(Saved data entries)
Segment Open

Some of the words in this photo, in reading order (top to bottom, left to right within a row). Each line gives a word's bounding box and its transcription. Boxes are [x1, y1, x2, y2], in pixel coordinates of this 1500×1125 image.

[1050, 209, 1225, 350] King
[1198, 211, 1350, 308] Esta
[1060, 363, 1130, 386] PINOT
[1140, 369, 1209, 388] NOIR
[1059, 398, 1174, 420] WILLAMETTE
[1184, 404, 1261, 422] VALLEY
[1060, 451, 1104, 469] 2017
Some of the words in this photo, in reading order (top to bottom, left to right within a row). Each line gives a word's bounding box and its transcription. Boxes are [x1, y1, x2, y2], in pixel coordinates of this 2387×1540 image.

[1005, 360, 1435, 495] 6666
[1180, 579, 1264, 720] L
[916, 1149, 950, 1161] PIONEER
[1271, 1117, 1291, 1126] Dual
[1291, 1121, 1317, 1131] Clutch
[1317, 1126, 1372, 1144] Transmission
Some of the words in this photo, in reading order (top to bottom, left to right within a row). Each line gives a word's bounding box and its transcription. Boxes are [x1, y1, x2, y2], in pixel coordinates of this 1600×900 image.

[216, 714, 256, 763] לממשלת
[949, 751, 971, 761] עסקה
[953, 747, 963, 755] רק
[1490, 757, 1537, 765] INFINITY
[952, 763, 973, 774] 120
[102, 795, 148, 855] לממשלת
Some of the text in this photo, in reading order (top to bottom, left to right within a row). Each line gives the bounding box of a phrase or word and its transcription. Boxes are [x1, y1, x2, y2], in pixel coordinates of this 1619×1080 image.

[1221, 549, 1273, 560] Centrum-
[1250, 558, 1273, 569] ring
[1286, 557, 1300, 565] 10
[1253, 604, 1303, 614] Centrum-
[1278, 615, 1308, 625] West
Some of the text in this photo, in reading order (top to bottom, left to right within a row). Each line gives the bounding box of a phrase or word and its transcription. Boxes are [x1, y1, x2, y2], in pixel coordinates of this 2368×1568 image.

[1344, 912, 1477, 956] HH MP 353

Segment Closed

Copy each line of the data above without altering a single character.

Some of the words in this photo, in reading order (top to bottom, left to right within a row). Each line gives a word's bounding box and its transcription. Boxes are [x1, y1, x2, y2], in pixel coordinates of this 1500×1125 image.

[1050, 209, 1225, 350] King
[1198, 211, 1350, 308] Esta
[1060, 363, 1130, 386] PINOT
[1140, 369, 1209, 388] NOIR
[1059, 398, 1174, 420] WILLAMETTE
[1184, 404, 1261, 422] VALLEY
[1060, 451, 1104, 469] 2017
Some of the words in this photo, in reading order (top to bottom, left to right within a row). Each line gives a word's bounding box and its transcription. Boxes are [x1, y1, x2, y2], in pixel coordinates of this 2387×1540 image.

[1005, 360, 1435, 495] 6666
[1180, 579, 1264, 720] L
[916, 1149, 950, 1161] PIONEER
[1271, 1117, 1291, 1126] Dual
[1291, 1121, 1317, 1131] Clutch
[1317, 1126, 1372, 1144] Transmission
Some of the words in this photo, in reading order (top to bottom, left to right within a row). Each line gives a word's bounding box and its transcription. Boxes are [x1, y1, x2, y2], in pixel coordinates of this 1600×900 image.

[216, 714, 256, 763] לממשלת
[949, 751, 971, 761] עסקה
[953, 747, 963, 755] רק
[1490, 757, 1537, 765] INFINITY
[952, 763, 973, 774] 120
[102, 795, 148, 855] לממשלת
Some of the text in this photo, in reading order (top to bottom, left to right within a row). Each line gives the bounding box of a phrase or word and its transcription. Boxes are [x1, y1, x2, y2], in pixel coordinates of this 1619×1080 image.

[1221, 549, 1273, 560] Centrum-
[1250, 558, 1273, 569] ring
[1286, 557, 1300, 565] 10
[1253, 604, 1303, 614] Centrum-
[1278, 615, 1308, 625] West
Some of the text in this photo, in reading order (top to bottom, left to right within a row). Each line gives the bounding box of a phrase or word and its transcription. Boxes are [x1, y1, x2, y2], in pixel coordinates of this 2368×1568 image.

[1344, 912, 1477, 956] HH MP 353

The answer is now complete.